● Dataset excerpts:

——————————

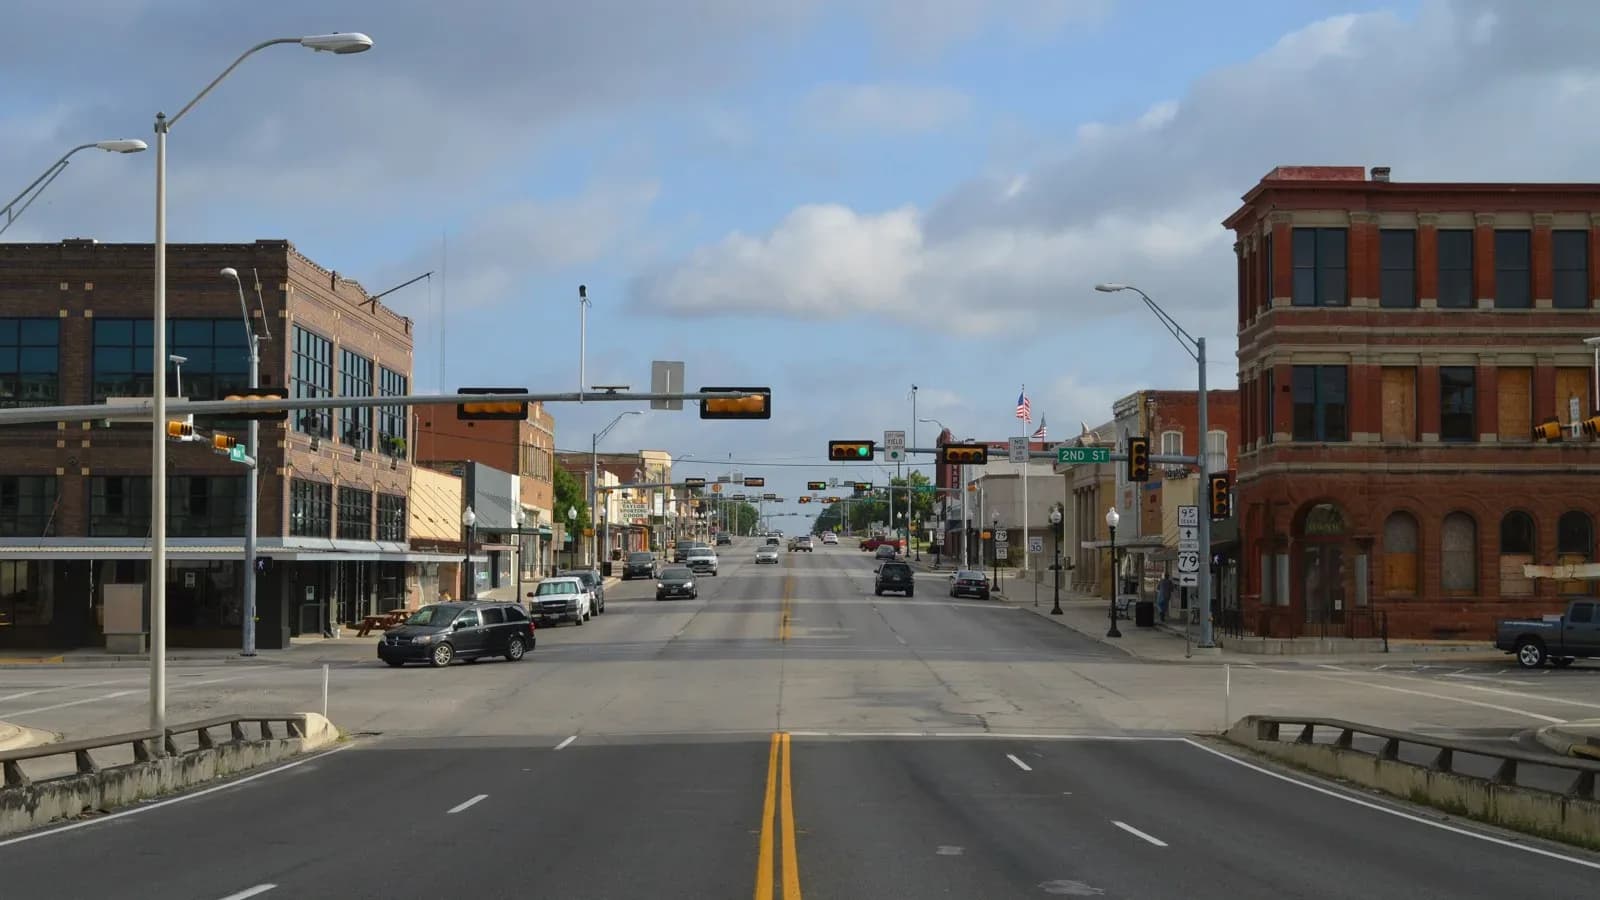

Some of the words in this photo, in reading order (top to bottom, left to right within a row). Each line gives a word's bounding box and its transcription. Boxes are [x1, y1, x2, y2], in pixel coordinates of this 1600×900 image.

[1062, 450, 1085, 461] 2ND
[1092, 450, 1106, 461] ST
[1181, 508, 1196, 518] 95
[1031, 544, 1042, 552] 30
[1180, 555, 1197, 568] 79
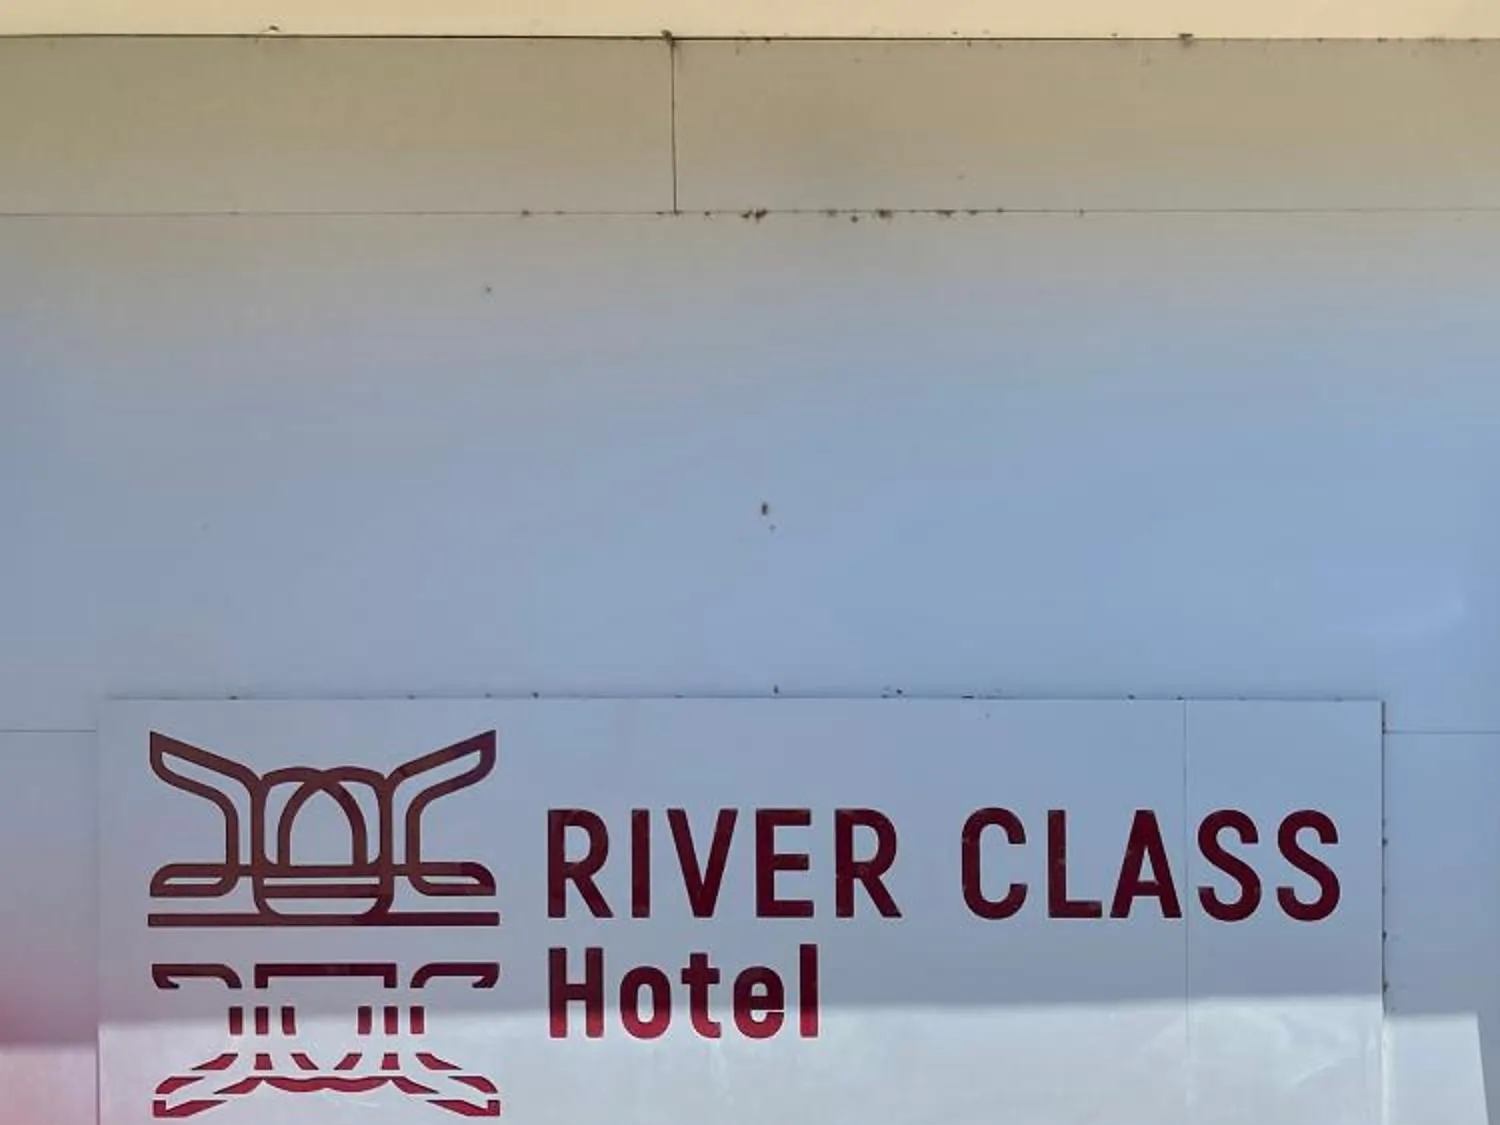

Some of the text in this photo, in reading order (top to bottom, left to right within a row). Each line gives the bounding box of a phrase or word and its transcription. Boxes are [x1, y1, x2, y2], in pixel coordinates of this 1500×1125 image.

——————————

● Exercise details: The job here is to write out the records exactly, pictures excluded.

● Written reply:
Some of the words in this photo, in reading order (top to bottom, left to right within a row). Each line gives a word's bounding box and its transcription. Boxes are [x1, y1, x2, y2], in pixel coordinates of this 1600×900 image.

[1062, 450, 1085, 461] 2ND
[1092, 450, 1106, 461] ST
[1181, 508, 1196, 518] 95
[1031, 544, 1042, 552] 30
[1180, 555, 1197, 568] 79

Some of the text in this photo, in reading order (top to bottom, left to right within a row). Each line gives the bounding box of a phrase or word and its transcription. Boxes are [x1, y1, x2, y2], in pixel coordinates of this 1500×1125 image.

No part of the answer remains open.